What to produce: Reproduce the data below exactly. Skip the pictures.

Records shown:
Start of Block

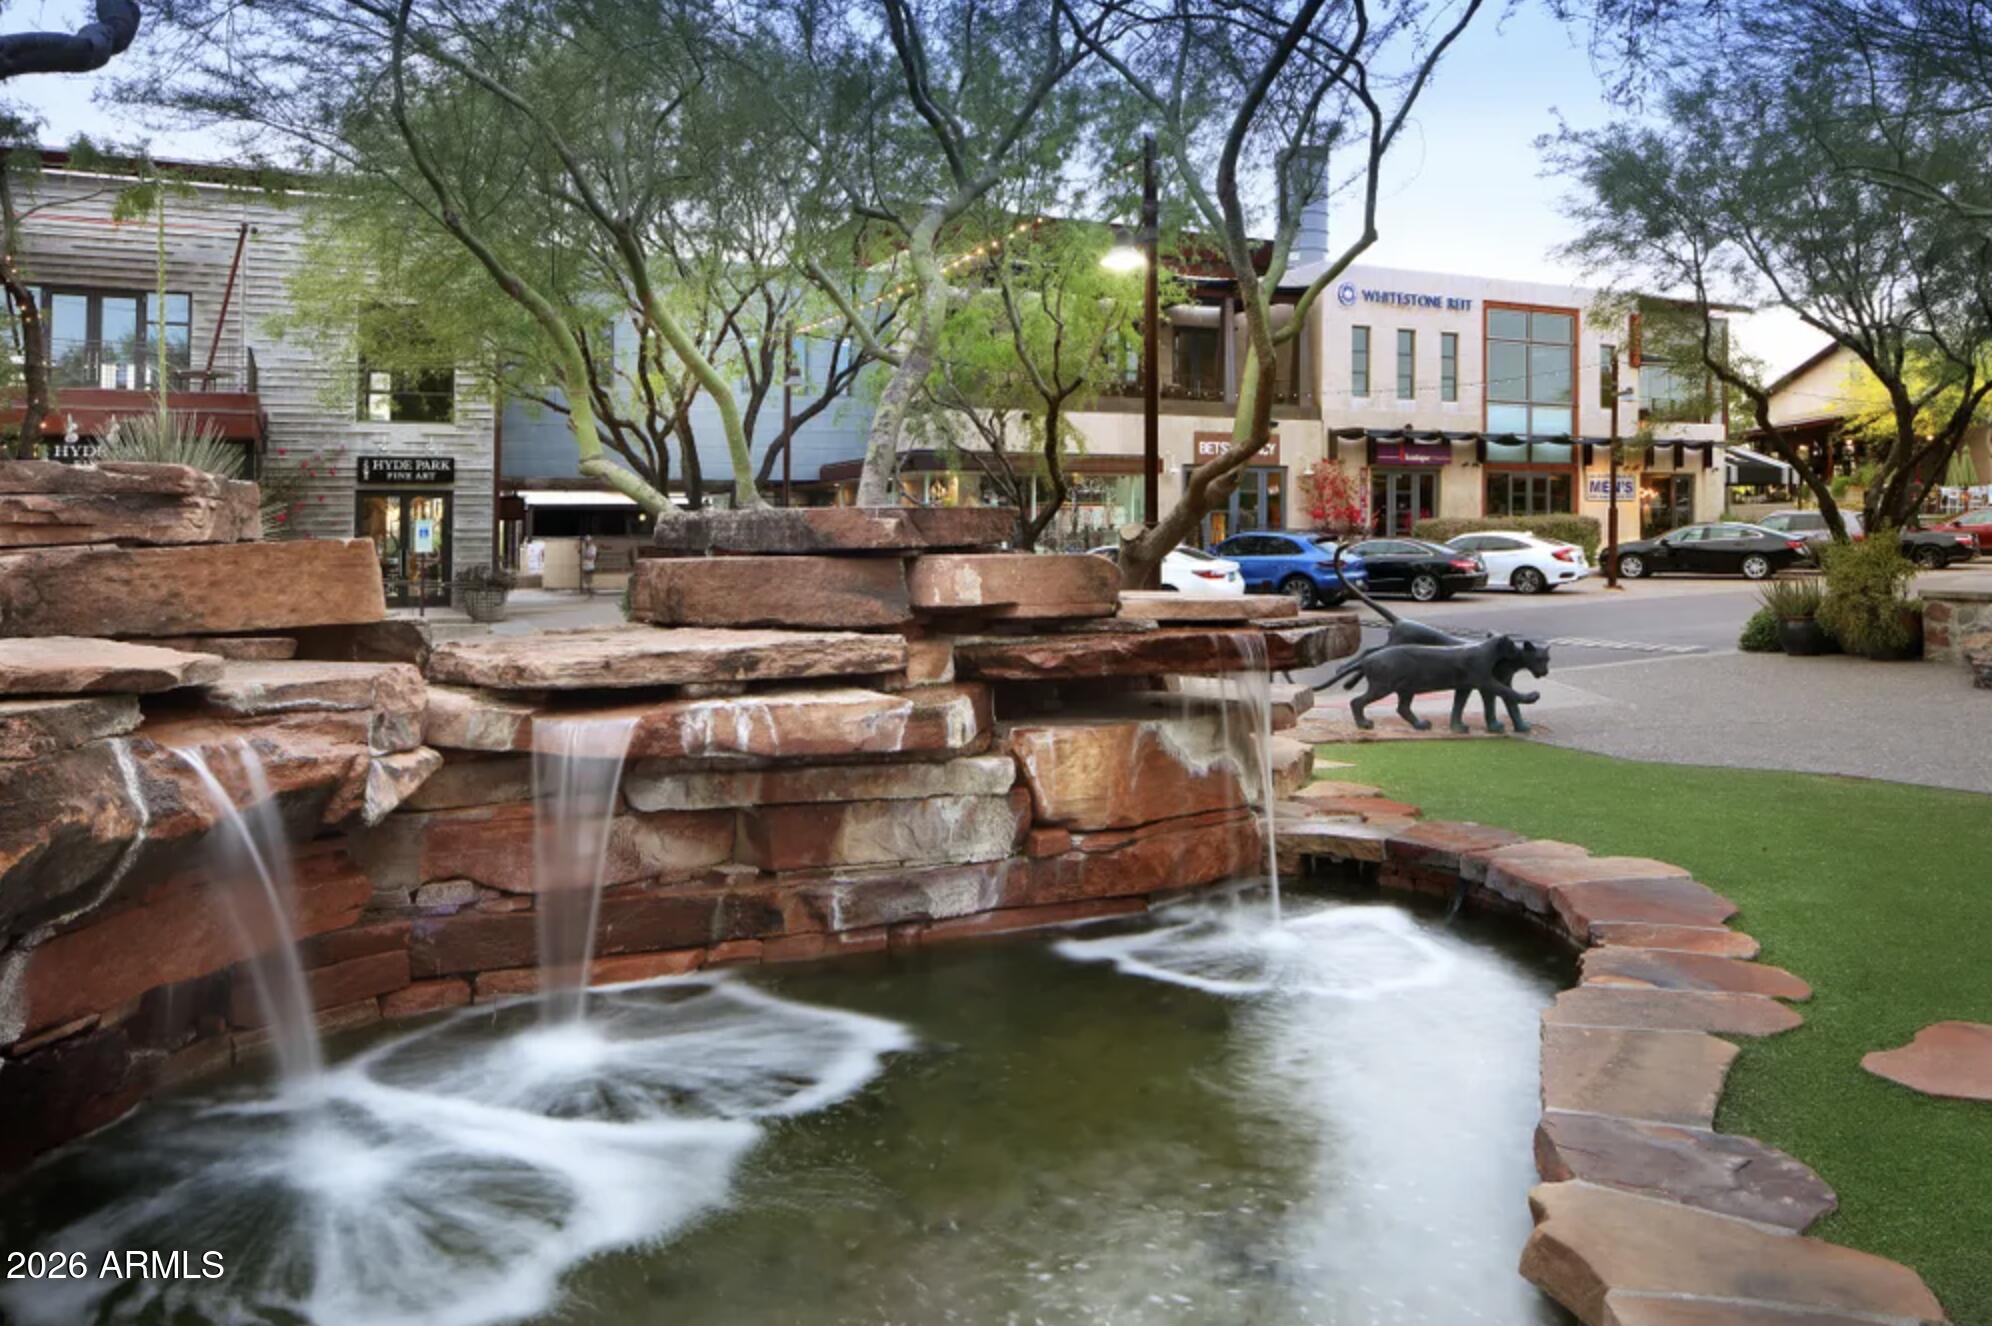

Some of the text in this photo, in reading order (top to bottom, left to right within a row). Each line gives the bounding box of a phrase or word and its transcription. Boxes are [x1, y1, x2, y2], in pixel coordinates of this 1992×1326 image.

[1361, 289, 1472, 311] WHITESTONE REIT
[1199, 441, 1234, 455] BETS
[372, 459, 451, 471] HYDE PARK
[415, 471, 437, 480] ART

End of Block

Your response:
Some of the text in this photo, in reading order (top to bottom, left to right within a row). Each line gives the bounding box of a phrase or word and its transcription. Boxes are [x1, y1, x2, y2], in pixel coordinates of this 1992×1326 image.

[1361, 289, 1472, 311] WHITESTONE REIT
[1199, 441, 1234, 455] BETS
[372, 459, 451, 471] HYDE PARK
[415, 471, 437, 480] ART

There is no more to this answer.